▸ WHAT NEEDS TO BE DONE:
Repeat, exactly as written, all of the entries, but not their pictures.

▸ TASK MATERIAL:
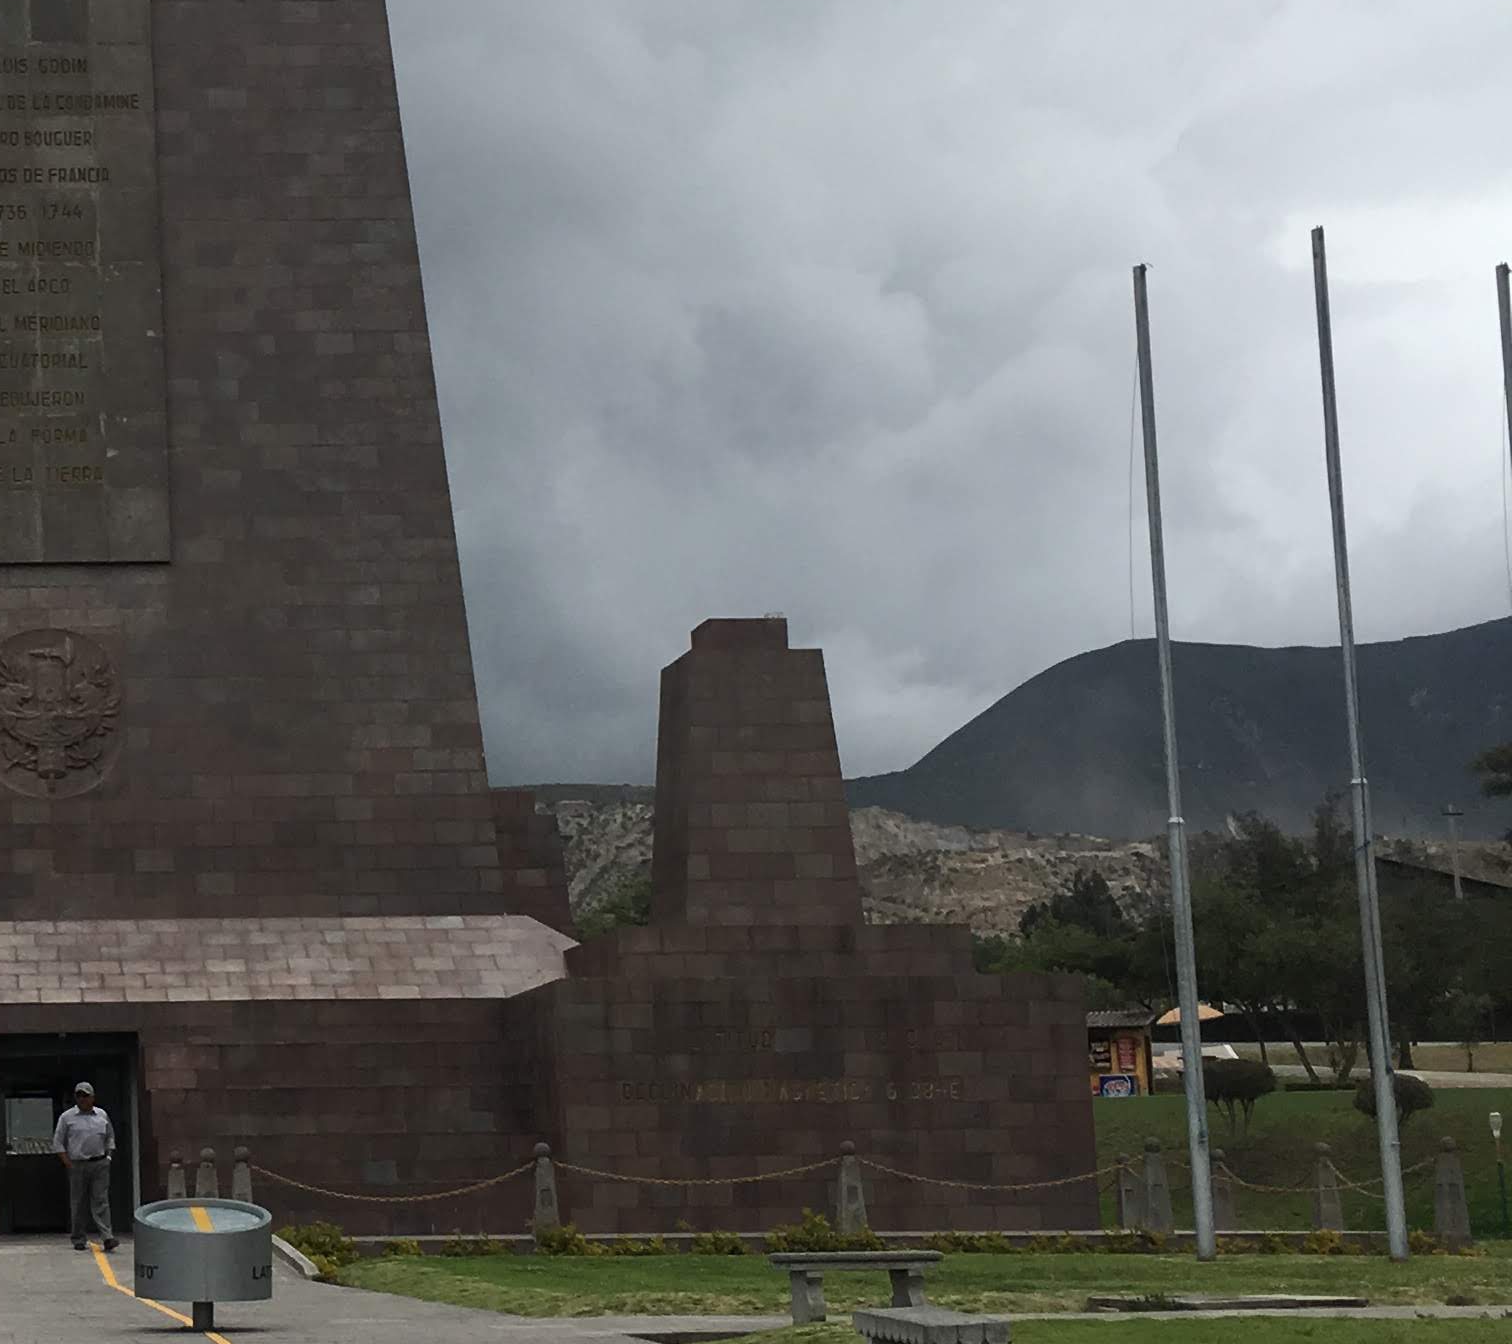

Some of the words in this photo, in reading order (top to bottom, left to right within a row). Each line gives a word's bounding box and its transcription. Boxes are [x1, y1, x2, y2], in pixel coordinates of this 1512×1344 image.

[38, 57, 89, 74] GODIN
[7, 94, 27, 111] DE
[32, 94, 51, 111] LA
[57, 93, 141, 111] CONDAMINE
[24, 130, 93, 147] BOUGUER
[23, 167, 44, 184] DE
[48, 166, 110, 183] FRANCIA
[17, 241, 95, 257] MIDIENDO
[2, 278, 22, 295] EL
[27, 278, 71, 295] ARCO
[14, 315, 101, 332] MERIDIANO
[31, 428, 88, 444] FORMA
[12, 466, 33, 482] LA
[45, 465, 104, 482] TIERRA

▸ OUTPUT FOR THIS TASK:
Some of the words in this photo, in reading order (top to bottom, left to right within a row). Each line gives a word's bounding box and its transcription. Boxes are [x1, y1, x2, y2], in pixel coordinates of this 1512×1344 image.

[38, 57, 89, 74] GODIN
[7, 94, 27, 111] DE
[32, 94, 51, 111] LA
[57, 93, 141, 111] CONDAMINE
[24, 130, 93, 147] BOUGUER
[23, 167, 44, 184] DE
[48, 166, 110, 183] FRANCIA
[17, 241, 95, 257] MIDIENDO
[2, 278, 22, 295] EL
[27, 278, 71, 295] ARCO
[14, 315, 101, 332] MERIDIANO
[31, 428, 88, 444] FORMA
[12, 466, 33, 482] LA
[45, 465, 104, 482] TIERRA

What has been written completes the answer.